Un estudio realizado en una escuela ha revelado que los jóvenes están preocupados por el futuro, con inquietudes que van desde el aumento de los costes hasta el cambio climático y el impacto de las nuevas tecnologías.
Los alumnos de séptimo curso de la Nova Hreod Academy en Swindon compartieron sus opiniones tras comparar sus propias expectativas con las predicciones realizadas por niños en la década de 1960.
«Vamos a tener que prepararnos para muchas cosas malas», dijo Navaj, de 12 años. También sugirió que «quizás tengamos que empezar a vivir bajo el agua».
Caroline Hickman, psicoterapeuta infantil e investigadora de la Universidad de Bath, afirmó: «Estamos criando a toda una generación de niños y jóvenes que perciben el futuro como algo aterrador».

Los niños de 1966 pensaban que el futuro sería «muy aburrido».
Preocupación por los costos, el clima y el empleo.
Los alumnos hablaron sobre las presiones que sufren en su entorno más cercano, así como sobre problemas globales, utilizando el pensamiento crítico para comparar sus preocupaciones con las de antiguos alumnos que imaginaban cómo sería la vida en el año 2000.
El ejercicio para este grupo consistía en intentar imaginar cómo sería el mundo en 2070.
Millie, de 12 años, dijo: «Los precios están subiendo en las tiendas y todo se está volviendo muy caro», mientras que otros expresaron su preocupación por la extinción de animales, la sustitución de puestos de trabajo por la inteligencia artificial y los efectos a largo plazo del cambio climático.
Navaj añadió que incluso podría haber «microondas andantes, teléfonos flotantes y coches voladores» en 2070.

Según Hickman, sus preocupaciones reflejan inquietudes más generalizadas entre los jóvenes.
En 2021 publicó un estudio en el que preguntaba a 10.000 niños de todo el mundo qué opinaban sobre el cambio climático.

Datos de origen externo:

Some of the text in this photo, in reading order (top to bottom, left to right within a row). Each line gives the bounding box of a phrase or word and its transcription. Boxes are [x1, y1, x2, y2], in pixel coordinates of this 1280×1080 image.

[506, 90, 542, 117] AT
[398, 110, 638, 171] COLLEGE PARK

Descubrió que: «Emocionalmente, los niños están muy, muy preocupados [por el cambio climático], pero no solo están preocupados, sino que también están tristes».
Más de la mitad de los niños británicos encuestados (51%) afirmaron creer que la humanidad estaba «condenada».
«Los niños necesitan apoyo y tranquilidad».
Hickman afirmó que era importante que los adultos hablaran abiertamente con los jóvenes sobre sus preocupaciones.
«Algo que sin duda podemos hacer es hablar con nuestros hijos sobre el cambio climático», dijo.
«Puede que no podamos abordar el cambio climático esta tarde, pero sin duda podemos asegurarnos de que nuestros hijos no se queden solos con sus miedos.»
«Debemos confiar en que los niños deben formar parte de la solución.»